ECB President Jean-Claude Trichet used phrasing at a news conference traditionally seen as associated with further swift hikes. But he stressed that the bank had not taken Thursday's decision as the first in a series of moves.
That comment surprised financial markets which were betting on two further rises in rates before the end of this year.
It may reflect the bank's concern that jacking up borrowing costs too fast would harm the euro zone economies struggling with high debt.
Trichet also said that the ECB had encouraged Portugal to request an international bailout -- a day after its Prime Minister Jose Socrates relented and asked for aid.
The stance of monetary policy remains accommodative and thereby continues to lend considerable support to economic activity and job creation, Trichet said, reading out the bank's post-decision statement at a news conference.
We will continue to monitor very closely all developments with respect to upside risks to price stability.
The phrase monitoring closely was once seen as a sign the ECB was two months off raising rates while very closely meant it was on the cards for the next month. But the term and use of very has lost its significance in recent years.
When pressed on the outlook for interest rates, Trichet said: We did not decide today that it was the first in a series of interest rate increases.
The euro fell further after those comments, while shorter-dated euro zone debt pared recent losses.
The increase in the ECB's benchmark refinancing rate marks a gentle exit from the central bank's policy response to the global financial crisis. It had held the refi rate at a record low 1.0 percent since May 2009.
ECB policymakers had flagged the decision heavily in advance and all but four of 80 economists polled by Reuters last week expected a 25 basis point rise.
This makes the ECB the first major developed economy central bank to hike rates and the decision will cement its reputation as a single-minded inflation fighter, said ABN Amro economist Nick Kounis.

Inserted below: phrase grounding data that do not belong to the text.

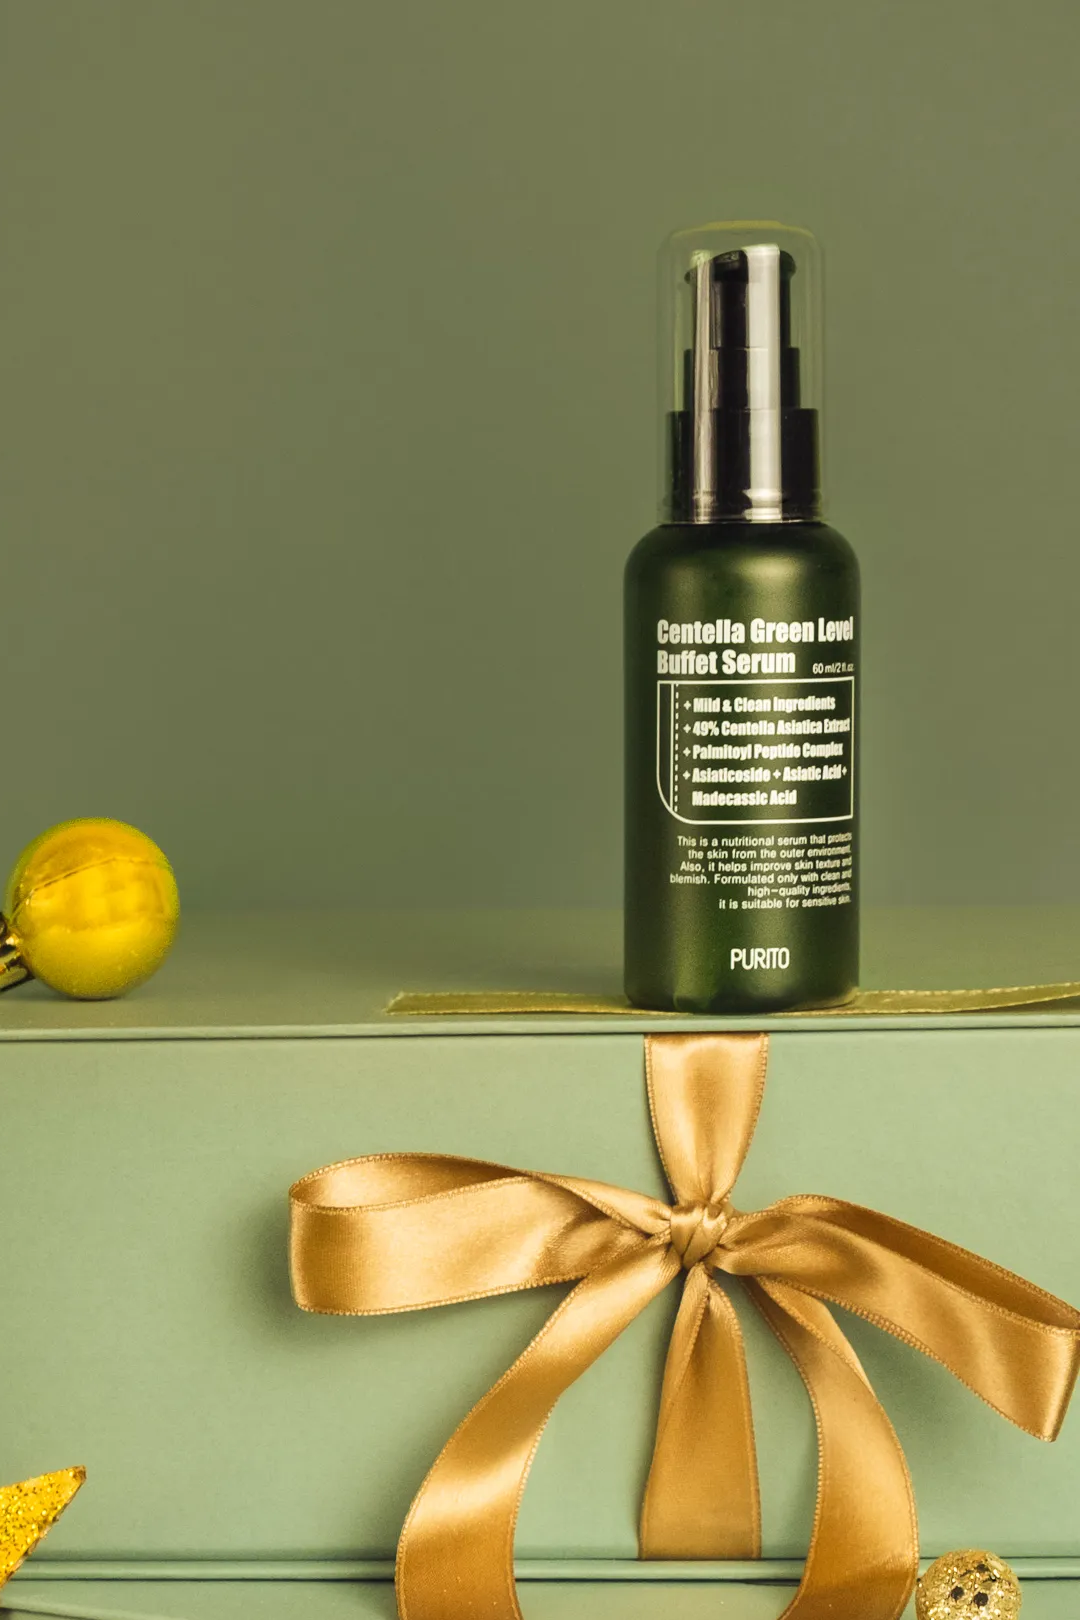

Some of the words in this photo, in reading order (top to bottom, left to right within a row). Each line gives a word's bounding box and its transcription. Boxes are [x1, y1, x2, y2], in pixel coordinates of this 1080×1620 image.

[657, 619, 745, 644] Centella
[751, 618, 814, 643] Green
[818, 616, 853, 642] Level
[657, 650, 718, 674] Buffet
[722, 650, 795, 674] Serum
[812, 662, 824, 674] 60
[694, 698, 720, 712] Mild
[722, 699, 731, 712] &
[734, 697, 770, 712] Clean
[774, 696, 835, 713] Ingredients
[693, 722, 720, 736] 49%
[722, 721, 775, 736] Centella
[777, 720, 822, 734] Asiatica
[824, 718, 850, 733] Extract
[693, 745, 752, 760] Palmitoyl
[754, 744, 800, 760] Peptide
[803, 742, 843, 758] Complex
[692, 768, 770, 783] Asiaticoside
[783, 766, 821, 782] Asiatic
[823, 765, 841, 779] Acid
[692, 791, 767, 806] Madecassic
[770, 790, 796, 805] Acid
[678, 836, 696, 847] This
[722, 836, 774, 847] nutritional
[778, 836, 806, 845] serum
[810, 835, 825, 844] that
[688, 849, 703, 859] the
[707, 849, 728, 859] skin
[732, 849, 756, 859] from
[761, 849, 776, 858] the
[780, 848, 804, 858] outer
[680, 863, 705, 873] Also,
[718, 862, 747, 873] helps
[751, 861, 791, 872] improve
[795, 861, 813, 871] skin
[670, 874, 710, 884] blemish.
[714, 873, 774, 884] Formulated
[778, 873, 798, 884] only
[801, 873, 818, 883] with
[821, 872, 840, 882] clean
[748, 886, 810, 897] high-quality
[742, 899, 782, 909] suitable
[786, 899, 799, 908] for
[802, 897, 836, 908] sensitive
[731, 948, 789, 970] PURITO
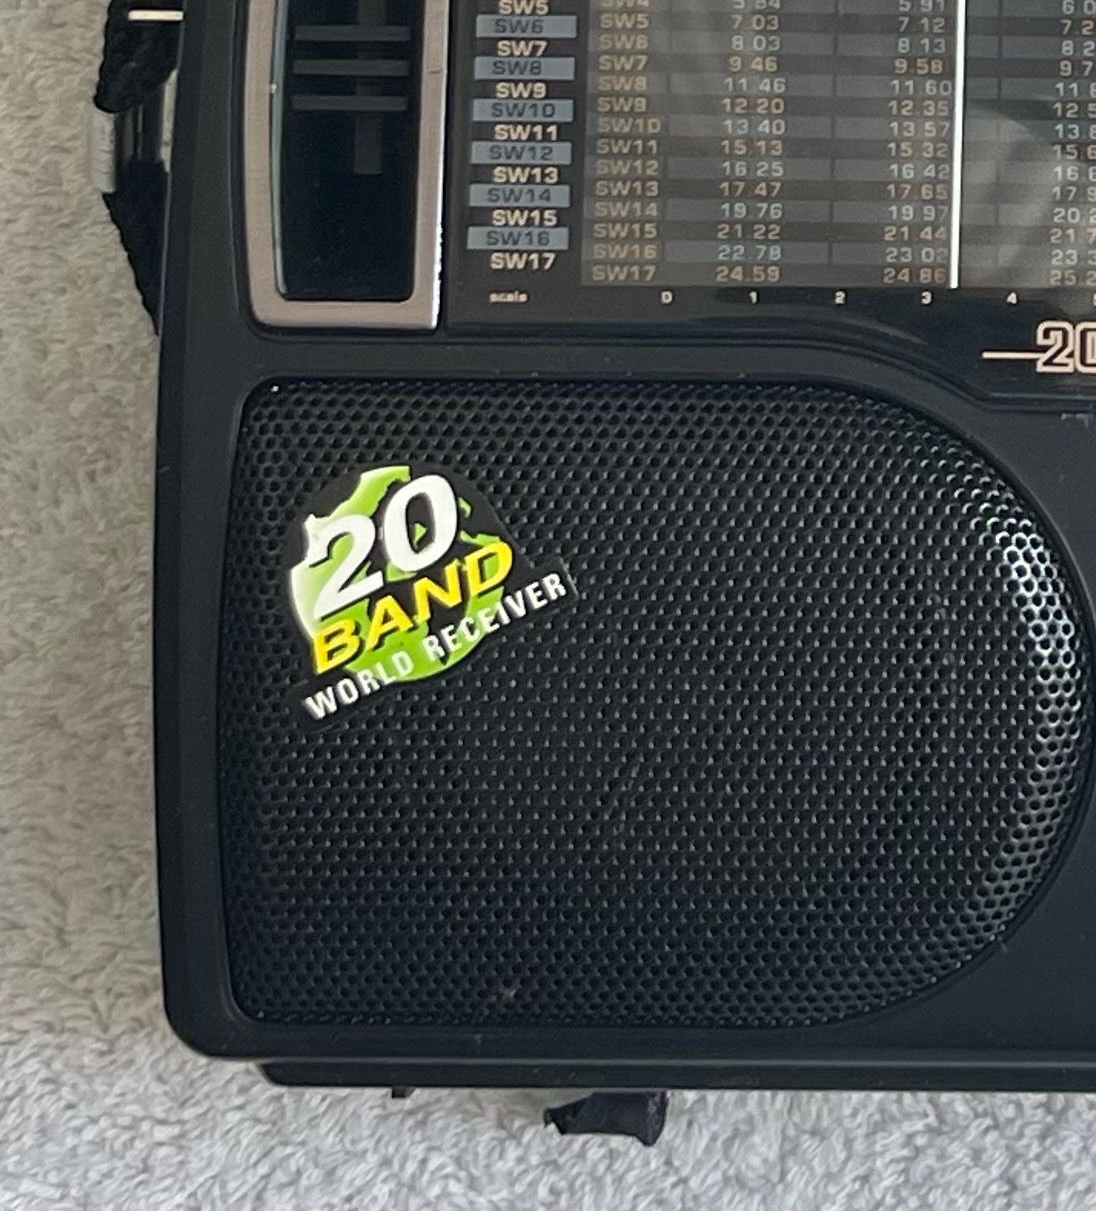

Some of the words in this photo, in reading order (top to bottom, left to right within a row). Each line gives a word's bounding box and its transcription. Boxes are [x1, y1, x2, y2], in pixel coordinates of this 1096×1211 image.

[499, 0, 549, 15] SW5
[494, 19, 544, 34] SW6
[601, 13, 650, 29] SW5
[497, 40, 547, 57] SW7
[600, 35, 648, 50] SW6
[493, 61, 542, 76] SW8
[599, 55, 648, 71] SW7
[496, 82, 547, 98] SW9
[599, 76, 647, 92] SW8
[491, 103, 555, 118] SW10
[598, 97, 647, 112] SW9
[494, 124, 558, 141] SW11
[597, 118, 662, 134] SW10
[490, 146, 553, 161] SW12
[596, 139, 658, 155] SW11
[493, 167, 558, 183] SW13
[596, 160, 659, 176] SW12
[487, 188, 552, 203] SW14
[595, 181, 659, 197] SW13
[492, 209, 557, 226] SW15
[594, 202, 658, 218] SW14
[487, 231, 550, 246] SW16
[593, 223, 658, 239] SW15
[593, 245, 657, 260] SW16
[490, 253, 556, 270] SW17
[592, 265, 656, 281] SW17
[750, 291, 759, 304] 1
[835, 292, 846, 304] 2
[922, 292, 932, 305] 3
[1007, 293, 1017, 304] 4
[309, 474, 458, 620] 20
[314, 541, 513, 676] BAND
[304, 649, 415, 720] WORLD
[422, 573, 567, 661] RECEIVER

The hike is unwelcome for peripheral countries, but arguably the core member states were in need of this move already some time ago. In that sense, the timing of the increase is a balancing act, which is part and parcel of the one-size-fits-all monetary policy, he added.
The ECB also raised its deposit rate by 25 basis points to 0.50 percent, and increased its marginal lending rate by the same amount to 2.0 percent.
The rate decision came less than 24 hours after Portugal announced it was seeking European Union support, a decision long expected by financial markets.
For months, the central bank has been privately pushing Lisbon to accept assistance, and the fact it has finally happened may free the ECB to take a firmer line on the budding inflationary risk.
The ECB is concerned that firm oil prices -- near 2-1/2 year highs -- could boost inflation expectations, and financial markets are pricing in two further quarter-point rises in interest rates this year to follow Thursday's move.
But the Frankfurt-based bank must be careful not to hurt euro zone economies struggling to generate growth after implementing eye-watering public sector cuts to regain the faith of market creditors.